Off the mouth of the Spanish River in the deeper water of the South Channel, which is part of Lake Huron, there is excellent Steelhead Trout or Rainbow Trout fishing all year. Steelhead Trout average about 8 pounds with trophies up in the 15 pound-plus range being caught.
Many Steelhead hunters bring boats, which are geared with downriggers for the big lake. If you came for shallow fishing like Walleye or Pike and have a slow trolling boat, you can use our light-tackle deep-water fishing techniques, which are just as effective as downriggers for Steelhead.
Rainbow Trout & Steelhead Trout were first stocked in the Great Lakes in 1876 by the US government. Millions of fertilized eggs were introduced into the Aux Sable River, which runs into Lake Huron. Between 1878 and 1883 all the other lakes were stocked with trout. Stocking in Lake Huron continued until 1904. It's also when the very first Rainbow Trout was caught by an angler off Manitoulin Island. The trout weighted 4.2 pounds. In 1914 the Ontario government started stocking. All of the trout come from the west coast with some from pacific spawning rivers and some from inland streams and lakes.
Rainbow Trout, also called a Kamloops Trout by people living in the Rocky Mountains, live in fresh water streams and lakes all year. A Steelhead Trout is the same species but lives in salt water and only comes to fresh water rivers to spawn. They are the same genetically but classed as sub-species of each other. Parallel evolution in different environments has created physical and behavioral differences.

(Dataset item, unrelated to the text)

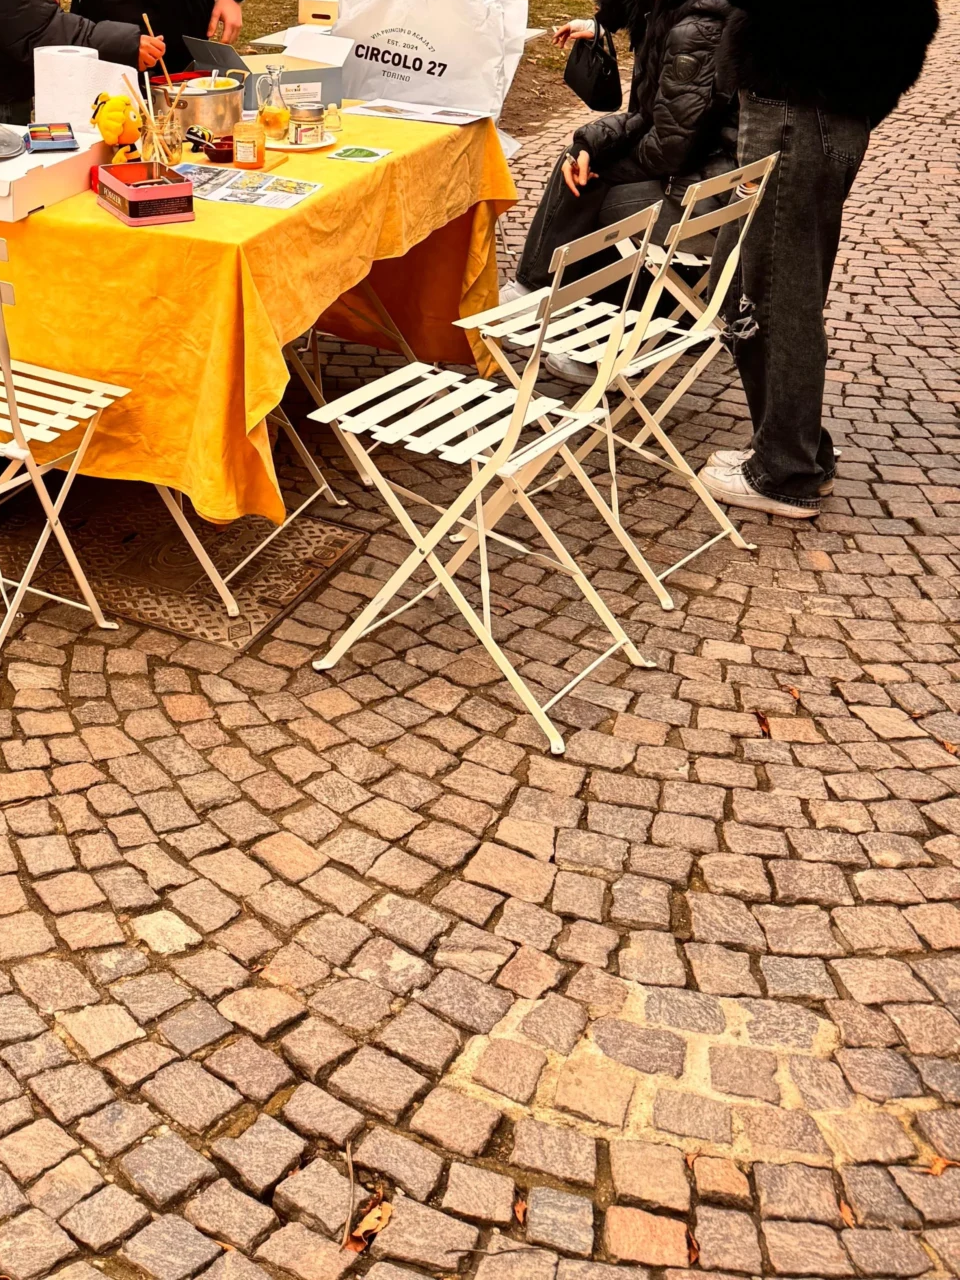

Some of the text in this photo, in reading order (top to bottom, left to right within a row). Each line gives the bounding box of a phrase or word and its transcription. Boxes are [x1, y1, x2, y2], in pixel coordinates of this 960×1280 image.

If you have a boat that can troll slowly then you do not need to have downriggers to fish deep. Many guests back-troll using a 3-way swivel rig when out on the big water and trolling for Rainbows.
Use a 3-way swivel with a light flutter lure that still shimmers and shakes at slow speeds. Use a 2-oz weight to go 40 to 60 feet deep or a 3-oz weight to go 60 to 90 feet deep. In the spring and fall when the water is colder the trout will be at many depths including 20 feet deep to the surface. In this case a 2-oz Little Cleo or a Mepps Syclops with enough line out the back will sink deep enough for the Steelhead. Click here is see the 3-way swivel diagram.
8-pound dark green line or braded line that is as thin, or thinner than 8-pound, is good for low visibility. Thick line causes a lot of friction with the water and it's hard to get deep. A medium size Musky or pike stick is all you need.